Conspiracy Theories & the People Who Believe Them
Joseph Uscinski
June 11, 2023
Joseph Uscinski is a political science professor at the University of Miami, author of Conspiracy Theories – a Primer.
Conspiracy theories (CTs) have gotten much attention lately; we’re said to be in a “golden age” of them.
The pandemic fueled it, with proliferating CTs about its origins, treatments, vaccines, etc. Trump and Trumpism have played a big role too.
About 70% of Americans believe CTs are out of control. Much blame is cast upon social media, especially Facebook; Mark Zuckerberg thus a prime villain.
Uscinski avowed that CTs are not a good thing: promoting dubious ideas, scapegoating, “non-normative” behavior (ranging from vaccine refusal to violence), and even ill-advised government action responsive to CT believers. But trying to regulate this has downsides: decreased free speech, innovation, and choices. There’s no good way to determine what’s legitimate advocacy.
He posited that it’s actually not (false) information as such that drives CT beliefs, but who we are leads us to toward certain kinds of information in the first place. “Anti-social people seek out anti-social ideas and act in anti-social ways.” Nobody falls into that by accident. We have predispositions and group attachments; we want to think like others like us. There’s the question of who we trust, or not; declining trust in societal institutions – like mainstream news media – loosens our grip on truth and reality. Exploited by political actors.
A recurring theme in his talk is how difficult it is to change anyone’s dearly held beliefs.
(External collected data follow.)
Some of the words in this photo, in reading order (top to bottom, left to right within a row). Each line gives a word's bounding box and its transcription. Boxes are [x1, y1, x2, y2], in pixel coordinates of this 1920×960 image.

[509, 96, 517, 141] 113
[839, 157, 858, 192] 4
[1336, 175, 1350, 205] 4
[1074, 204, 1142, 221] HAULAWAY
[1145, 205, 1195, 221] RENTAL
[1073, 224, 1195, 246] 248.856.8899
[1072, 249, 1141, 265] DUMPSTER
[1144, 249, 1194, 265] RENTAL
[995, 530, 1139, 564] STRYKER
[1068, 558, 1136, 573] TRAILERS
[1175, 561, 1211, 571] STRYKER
People latch onto anything that meshes with their pre-existing frameworks, and shun anything discordant. [This is called confirmation bias – FSR]
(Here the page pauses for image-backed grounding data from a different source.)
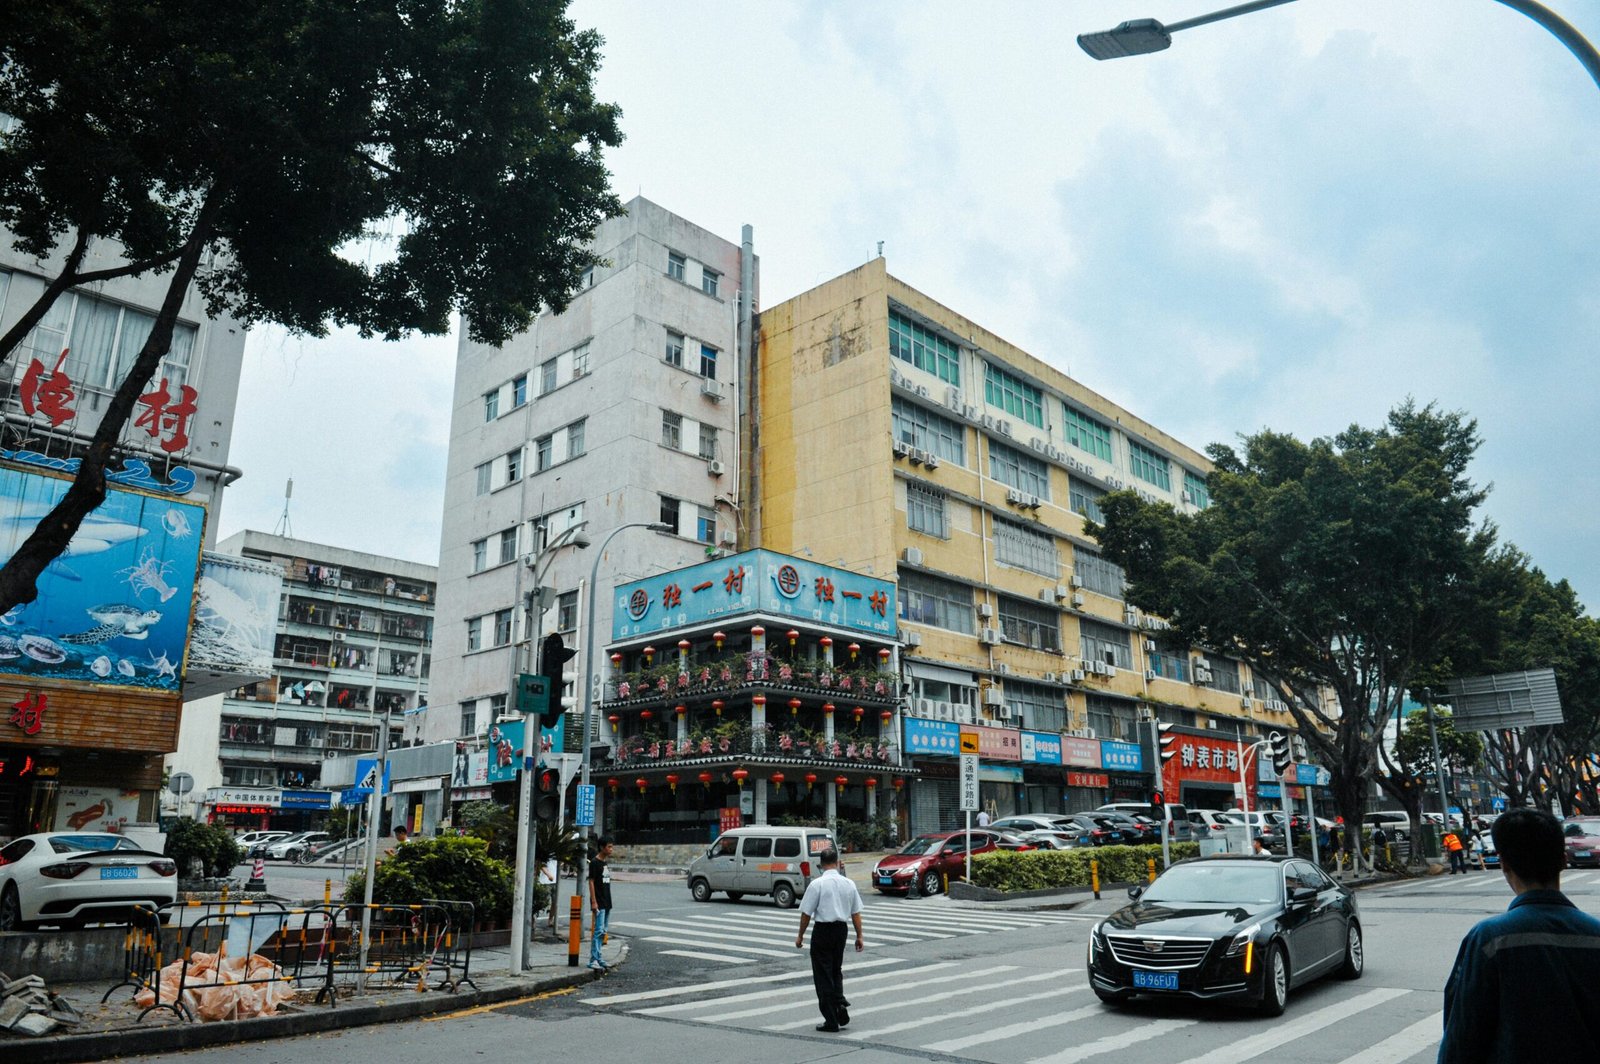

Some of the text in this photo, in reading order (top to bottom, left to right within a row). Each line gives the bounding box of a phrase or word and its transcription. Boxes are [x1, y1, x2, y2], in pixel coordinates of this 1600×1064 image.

[663, 565, 745, 609] 独一村
[814, 576, 888, 617] 独一村
[9, 691, 48, 734] 村
[1181, 743, 1238, 772] 钟表市场
[234, 793, 280, 802] 中国体育彩票
[965, 756, 974, 807] 交通繁忙路段
Uscinski reviewed three specific CT cases, with reference to polling he’s overseen. First, the JFK assassination. Initially, JFK CTs were believed by about 50%, rising to around 80%. But that was actually before the internet and social media kicked in. And when they did, belief slid back down to little over 50% today.
Secondly there was the plethora of Covid CTs, with belief steady at around 30% and not rising. And third, QAnon – believing Trump is in a secret war against a deep state of baby-eating pedophilic Satanists (yes). For all the concern about QAnon, Uscinski found supporters holding at just around 5%.
Then he looked at two more recent cases. A new panic about supposed sexual “grooming” of children in schools; and the “great replacement theory” positing that elites are working to swap out whites for more pliable brown-skinned newcomers. He found belief in both these CTs in the 20-30+ percent range.
It might be noted that these CTs seem largely to be a thing of the political right. And it was brought up in the question period that such beliefs seem to correlate with religious faith. [CT believers, religious believers, and Trump supporters, are pretty much the same people. Perhaps belief in a supreme being makes the brain vulnerable to other crazy stuff – FSR.]
Uscinski also studied 37 additional CTs, and belief levels over time. He found they’d increased in 6 cases, decreased in 15, and held steady in 16. His bottom line from all this: it’s just not true that CT belief is a growing problem; and there’s little evidence of social media contributing. He situated that idea in a long line of tech panics, dating back centuries. One might say the notion of social media driving CTs is itself a CT.
But he opined that, in the big picture, people are actually getting smarter. So he ended by posing the question, is the CT problem really worse than ever? – and answered it by saying, worse than when we were burning witches?